[Spatial localization data]
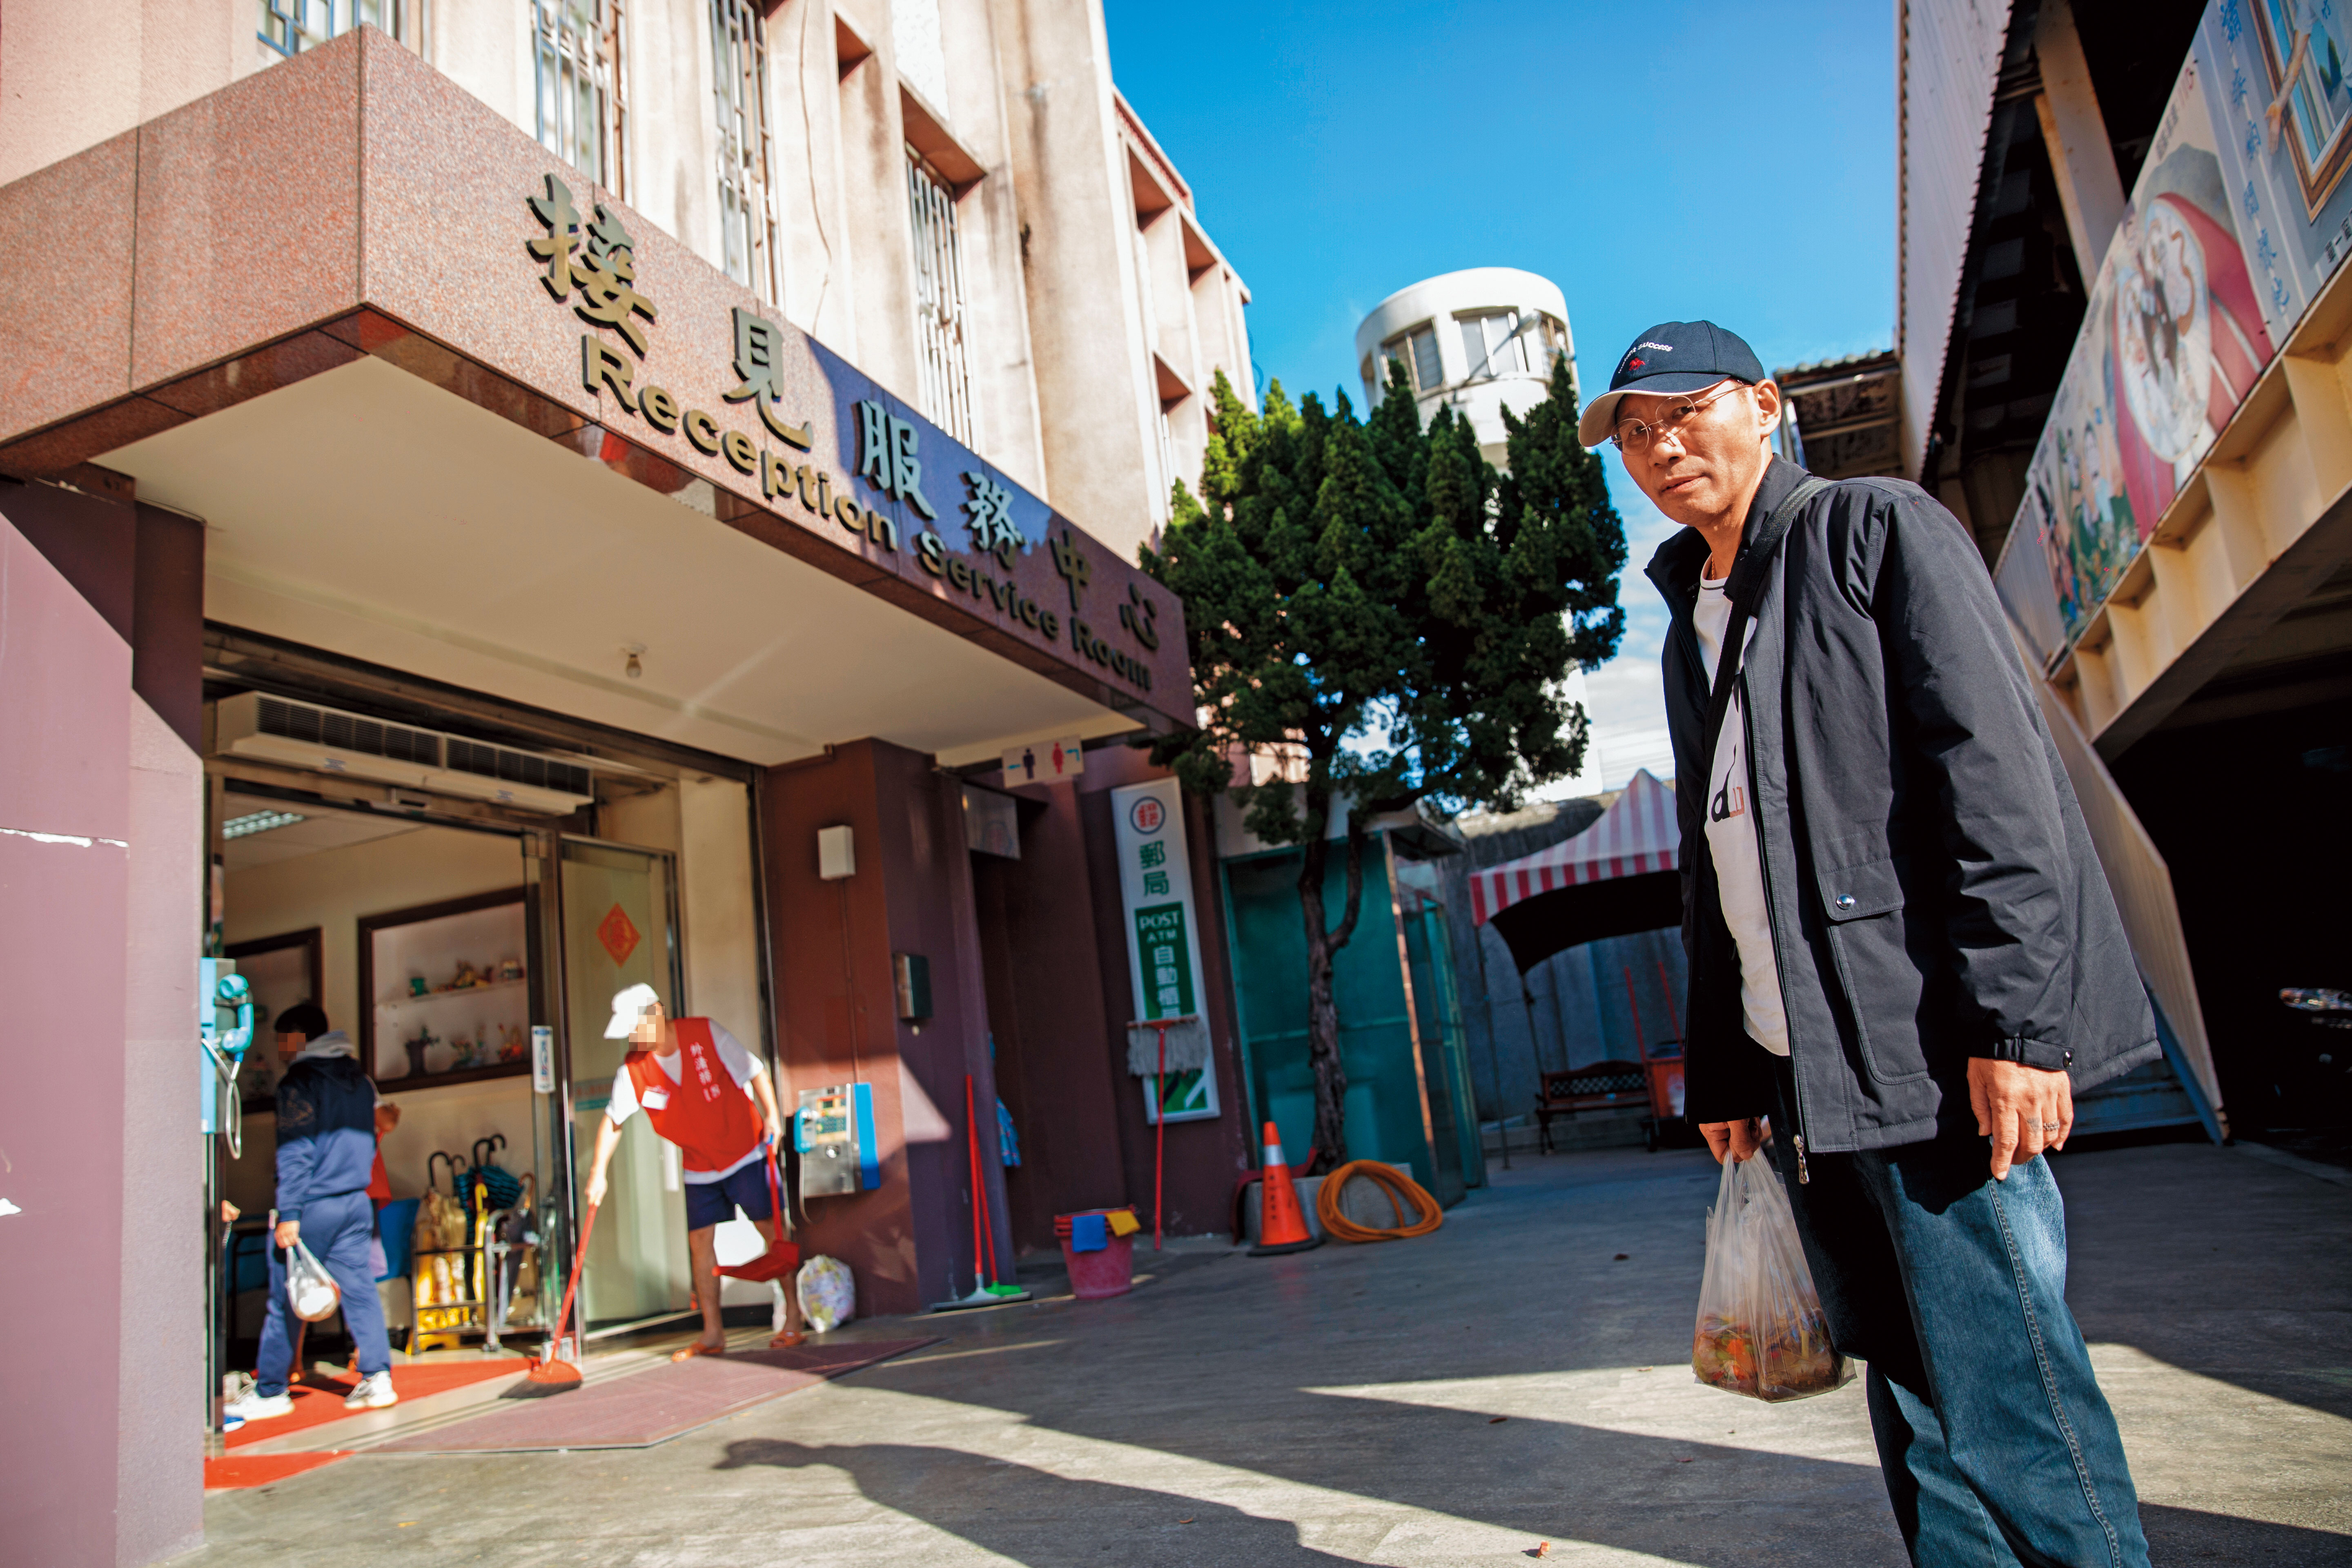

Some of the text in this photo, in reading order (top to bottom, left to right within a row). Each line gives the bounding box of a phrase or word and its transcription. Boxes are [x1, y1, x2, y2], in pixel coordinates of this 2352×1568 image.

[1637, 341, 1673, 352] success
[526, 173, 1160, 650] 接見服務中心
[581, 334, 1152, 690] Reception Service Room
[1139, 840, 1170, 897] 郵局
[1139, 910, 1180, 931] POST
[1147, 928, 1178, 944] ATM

- Problem description: Omit every picture while printing the data word for word.

- Result of the exercise:
Some of the text in this photo, in reading order (top to bottom, left to right within a row). Each line gives the bounding box of a phrase or word and its transcription. Boxes are [x1, y1, x2, y2], in pixel coordinates of this 2352×1568 image.

[1637, 341, 1673, 352] success
[526, 173, 1160, 650] 接見服務中心
[581, 334, 1152, 690] Reception Service Room
[1139, 840, 1170, 897] 郵局
[1139, 910, 1180, 931] POST
[1147, 928, 1178, 944] ATM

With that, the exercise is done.